Head of the Northern Ireland Equal Opportunities Commission
- In office 1984–1992

Personal details
- Born: April 1944 (age 81)
- Political party: Alliance Party of Northern Ireland

= Mary Clark-Glass =

Politician and academic from Northern Ireland

Mary Burnell Clark-Glass (born April 1944) is an academic, medical administrator and former politician in Northern Ireland.

Clark-Glass became a lecturer in law at the Queens University of Belfast in 1974, and became a known as a commentator on legal and human rights issues and as a prominent feminist. In 1984, she became head of the Northern Ireland Equal Opportunities Commission, and also served as a Human Rights Commissioner on the Northern Ireland Commission for Racial Equality and as Chair of Victim Support. In 1990, she was appointed a CBE.

The Alliance Party of Northern Ireland stood Clark-Glass as their candidate for the Northern Ireland constituency in the European Parliament election in 1994, hoping that she would emulate the success of Mary Robinson in the Irish presidential election in 1990. She took fourth place in the election, making her the best placed candidate not to win a seat, but took only 4.1% of the first preference votes.
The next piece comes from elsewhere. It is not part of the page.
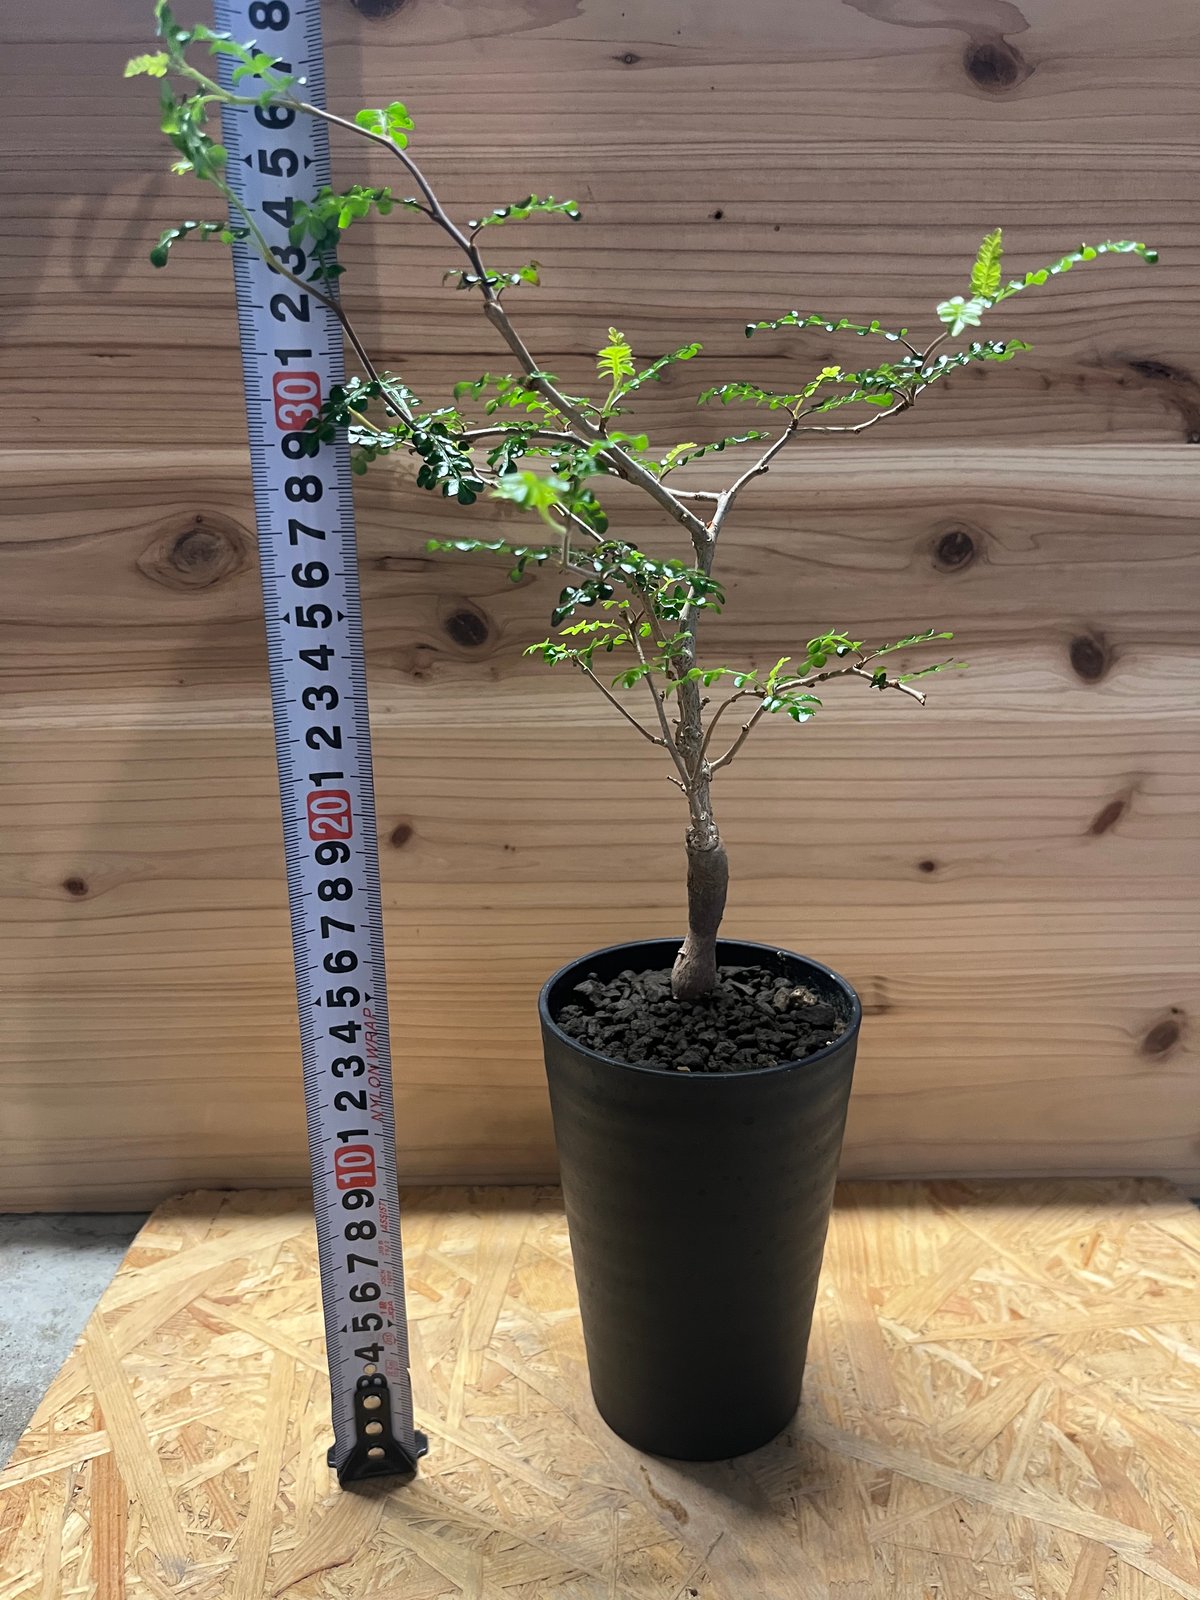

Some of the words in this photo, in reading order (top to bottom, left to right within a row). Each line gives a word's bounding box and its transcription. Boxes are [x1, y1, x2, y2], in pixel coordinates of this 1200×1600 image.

Following the election, Clark-Glass acted as part of the Alliance's team for the talks which led to the Good Friday Agreement. At the Northern Ireland Forum election of 1996, she was third on the party list in Lagan Valley and eighth on the "top-up" list, but did not come close to being elected.

In 1997, Clark-Glass was appointed to the Commission for Racial Equality. She subsequently ceased political activity, and in 1999 was appointed to the General Medical Council. She also became a member of the Health Professions Council and the General Dental Council.